Database administrators and application developers have all experienced SQL optimization. SQL statements running in databases are varied and continuous. Dynamic changes make SQL optimization necessary. Such changes include fast business iteration, change of data distribution characteristics, hot-data changes, and database version upgrades. For these changes, similar processes trigger different challenges each time.
So, How Can We Use Integrated Methods to Quickly and Accurately Locate Problems?
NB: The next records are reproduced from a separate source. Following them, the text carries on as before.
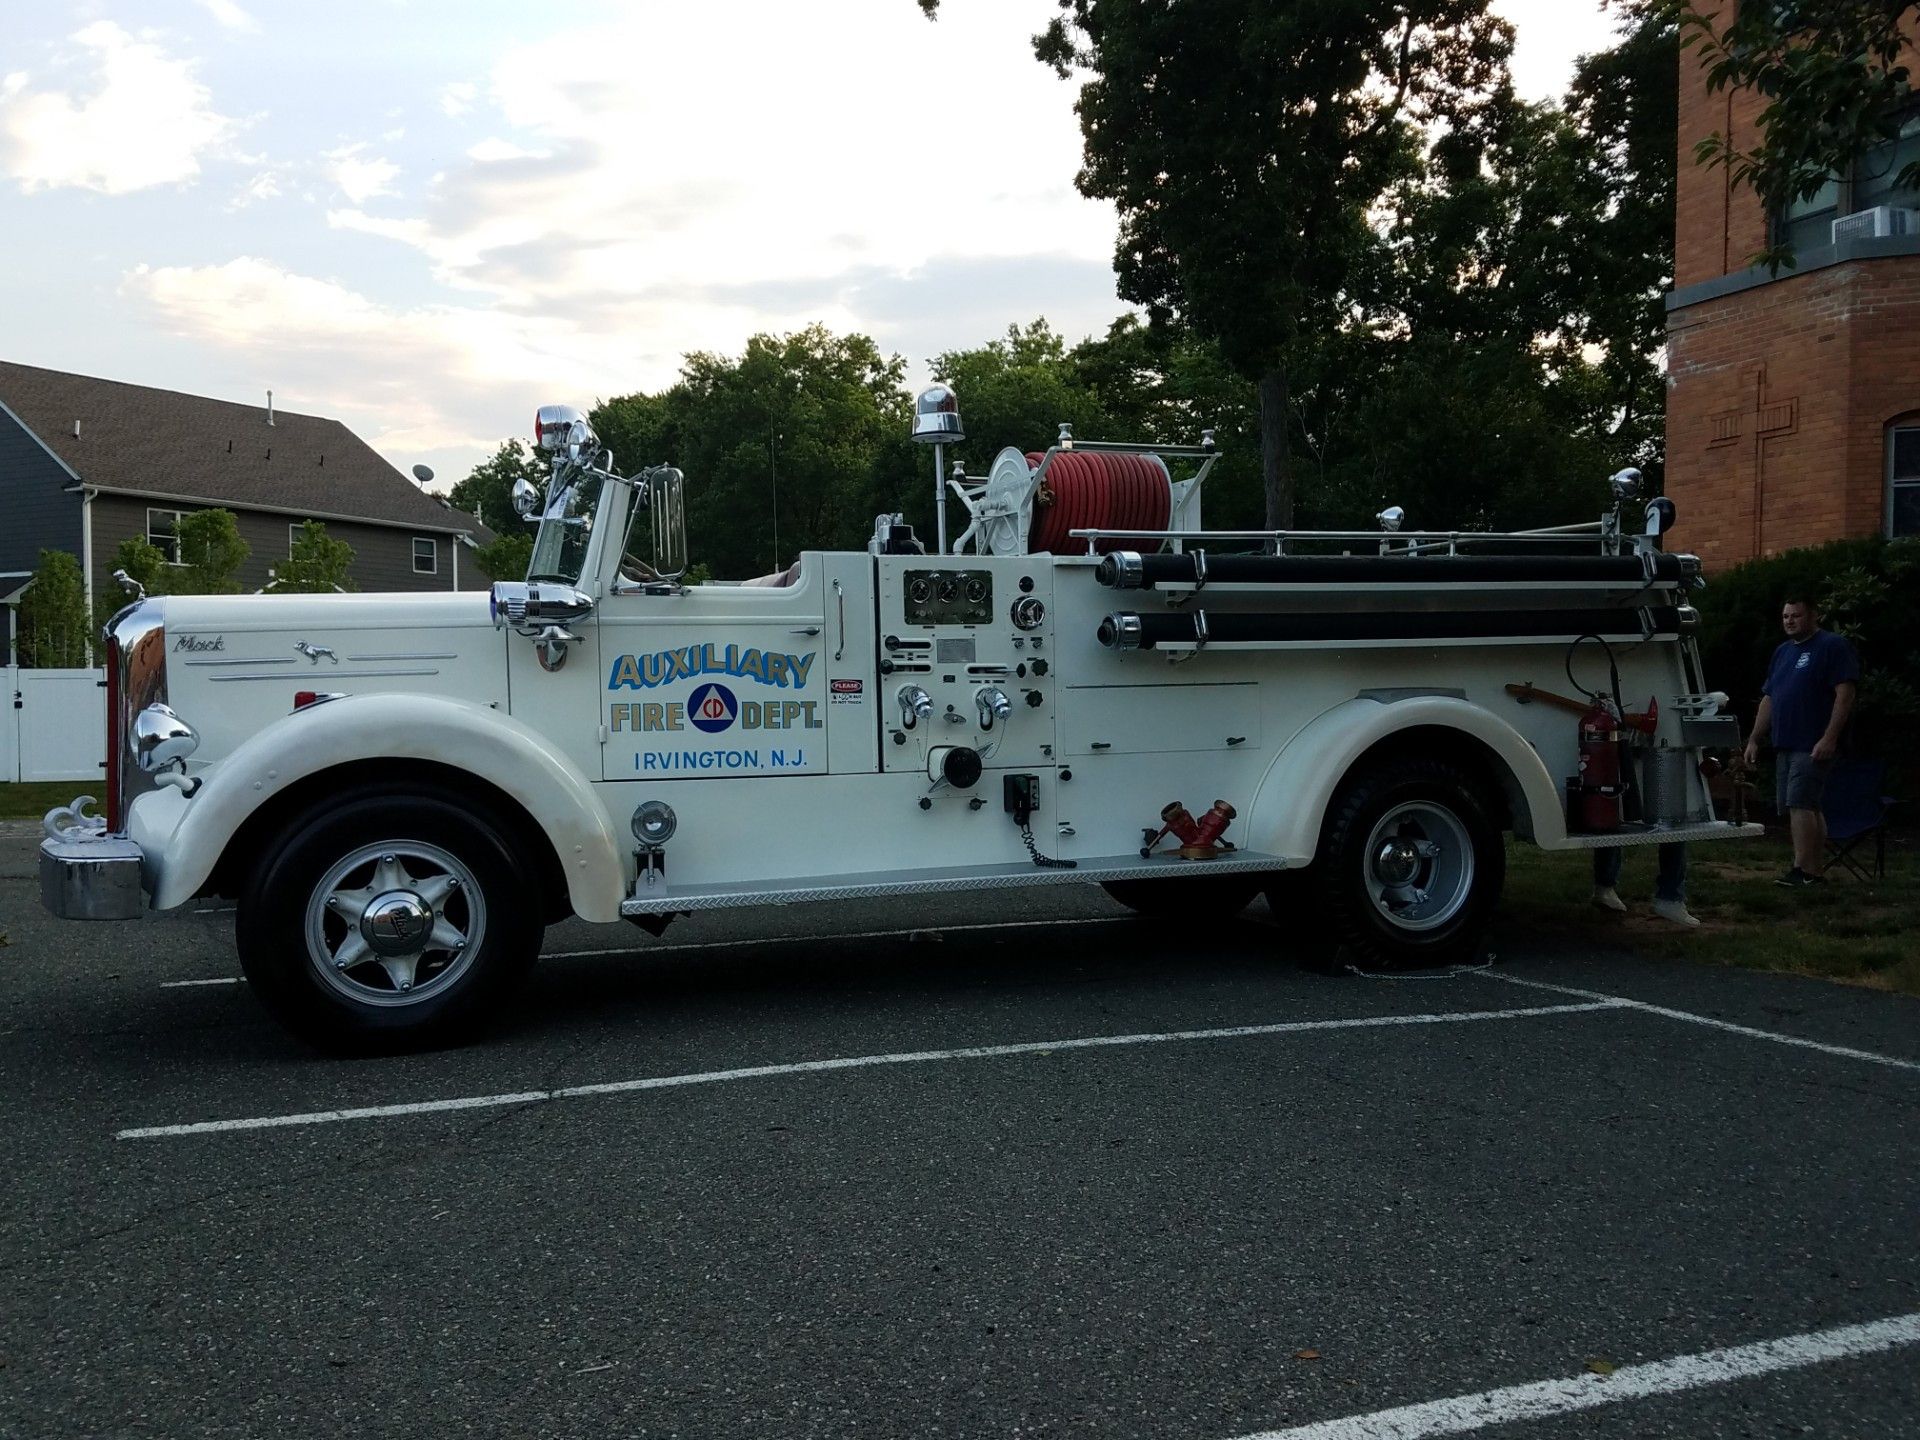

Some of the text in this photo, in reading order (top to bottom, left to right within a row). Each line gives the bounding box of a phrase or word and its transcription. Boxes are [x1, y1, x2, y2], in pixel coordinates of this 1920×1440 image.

[172, 634, 225, 652] Mack
[608, 643, 816, 690] AUXILIARY
[611, 699, 823, 732] FIRE CD DEPT.
[635, 751, 764, 770] IRVINGTON,
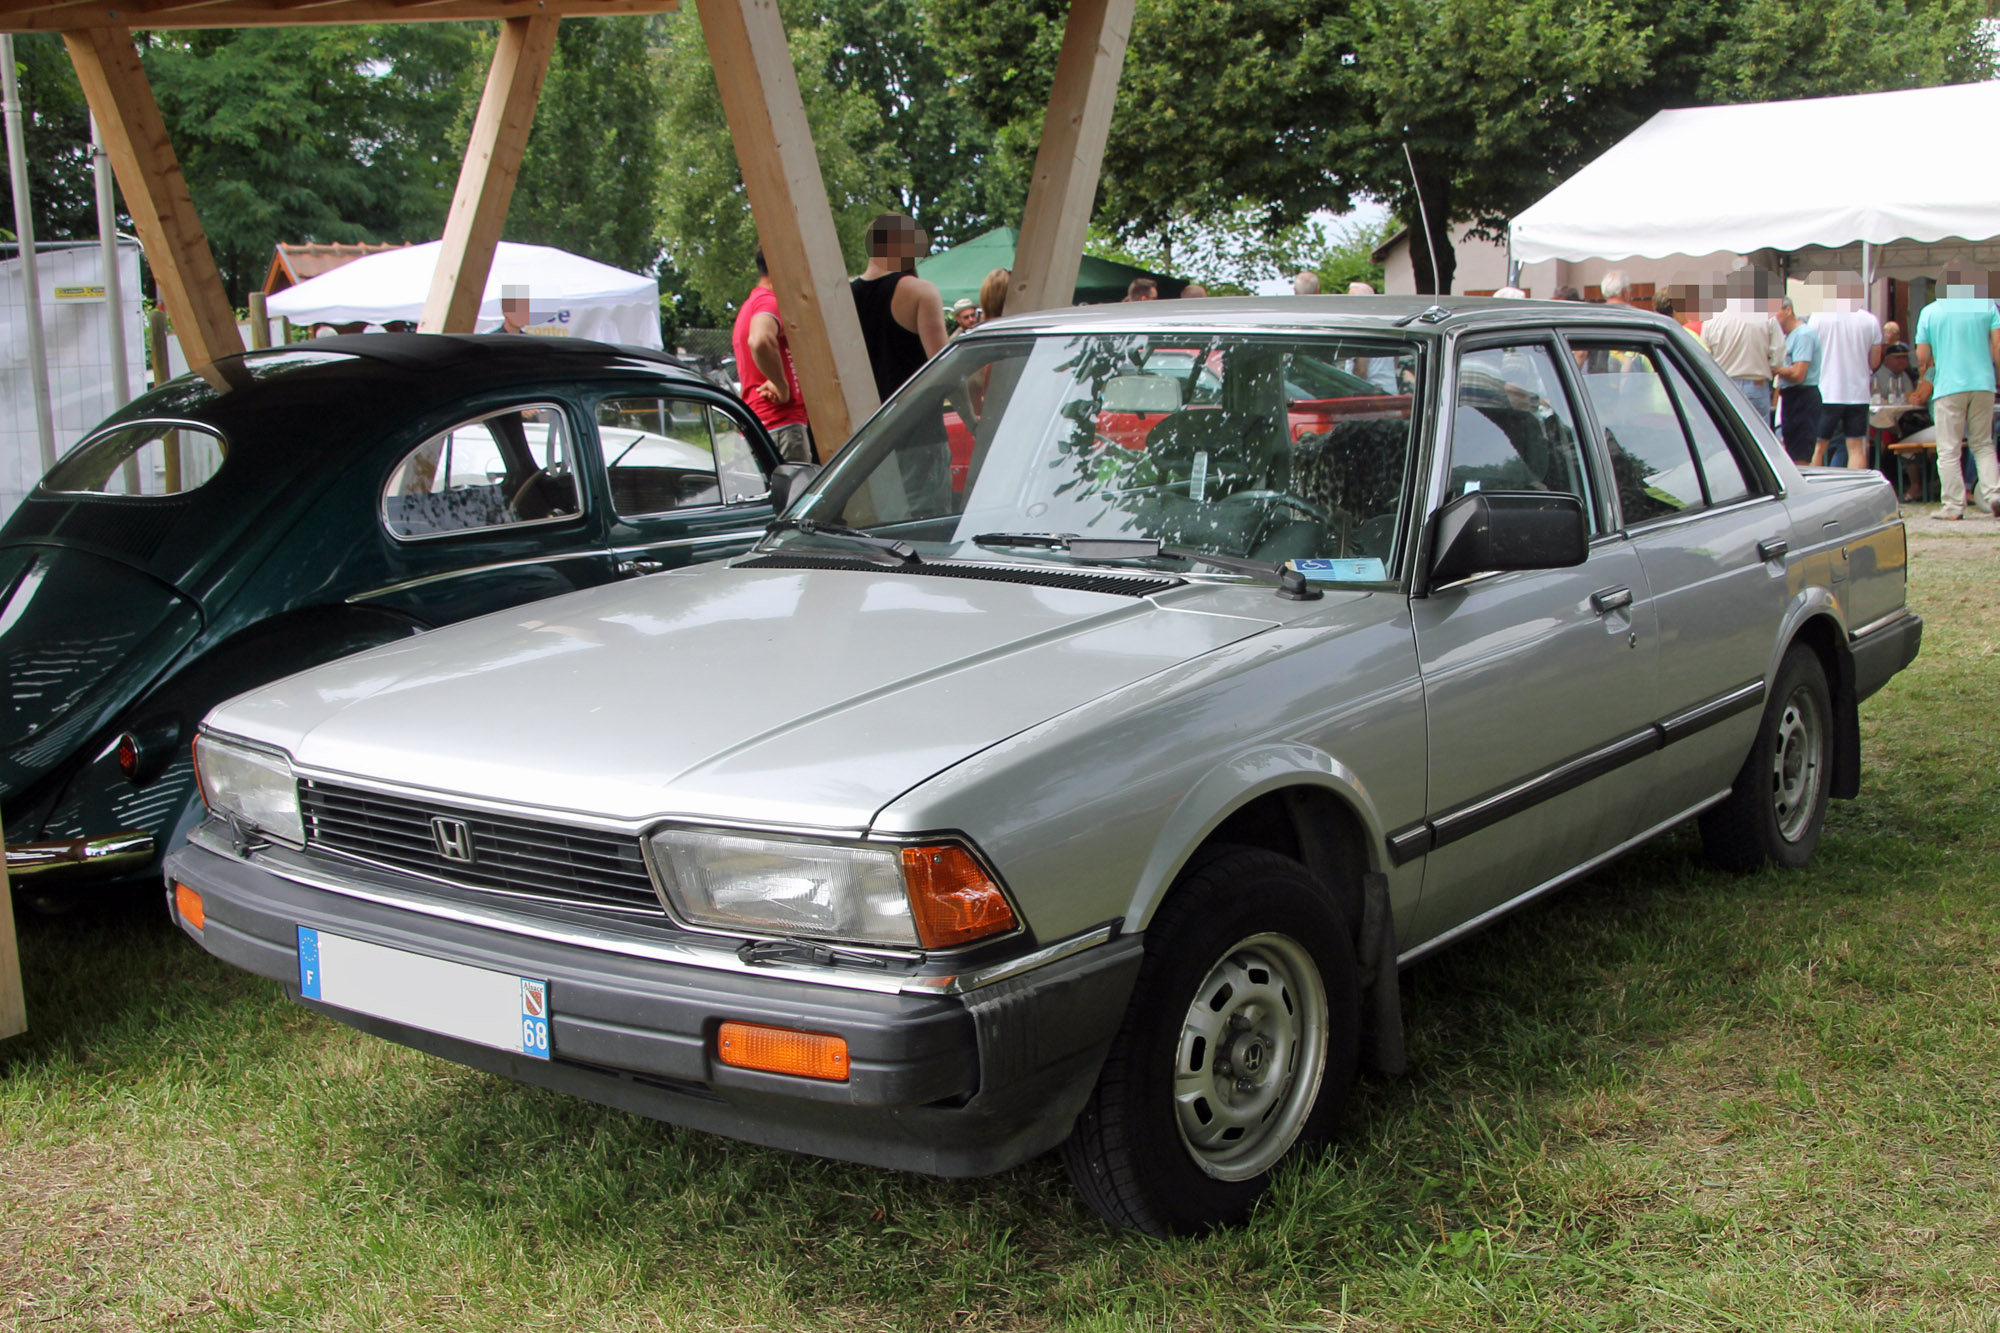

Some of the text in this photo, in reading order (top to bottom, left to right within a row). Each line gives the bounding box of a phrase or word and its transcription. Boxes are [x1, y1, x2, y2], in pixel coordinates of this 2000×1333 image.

[306, 969, 314, 985] F
[523, 981, 544, 992] Alsace
[523, 1019, 547, 1050] 68
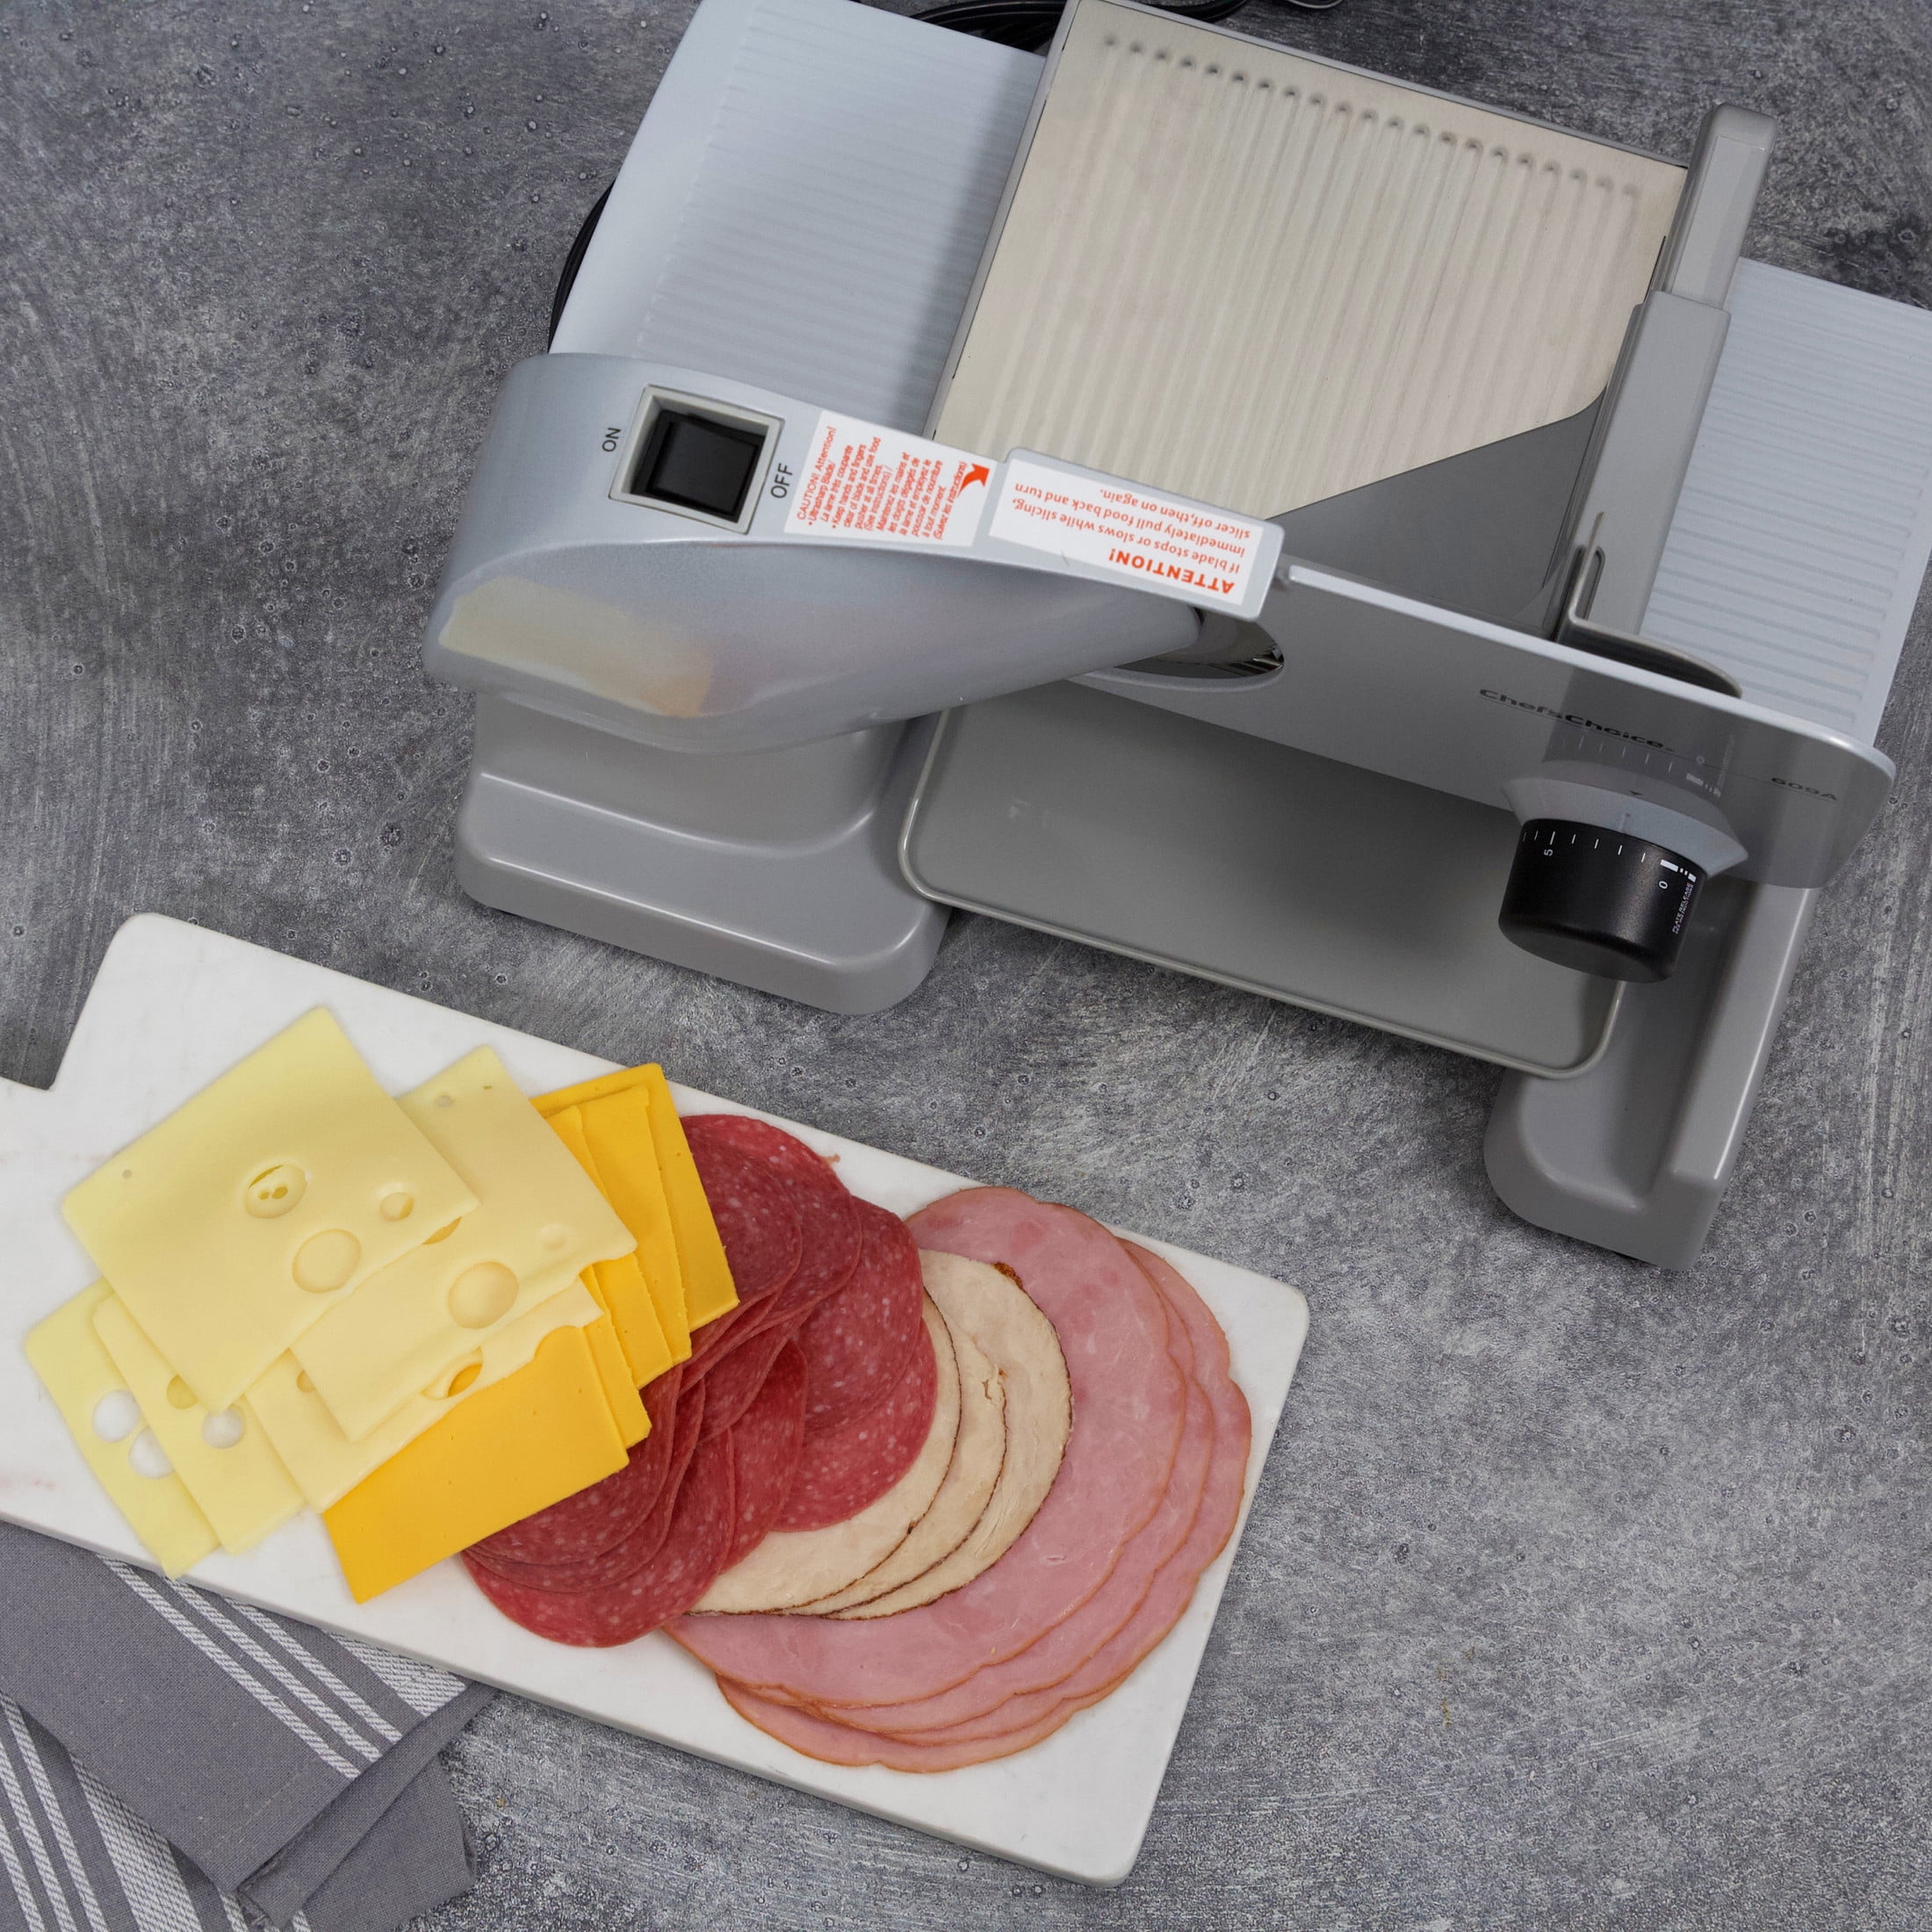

It is not enough to analyze slow query logs for abnormal SQL queries. How do we accurately identify bottlenecks based on database experts’ experience or tools and obtain rectification and optimization recommendations? How do we comprehensively evaluate the optimization effect and impact (including the adverse impact), evaluate the impact on related SQL, and write operations to ensure pre-release security? How do we select phased release policies and change windows for complex deployments, such as large-scale database sharding or table sharding, to promote online changes securely and stably? How do we continuously track the effects to ensure that everything is problem-free?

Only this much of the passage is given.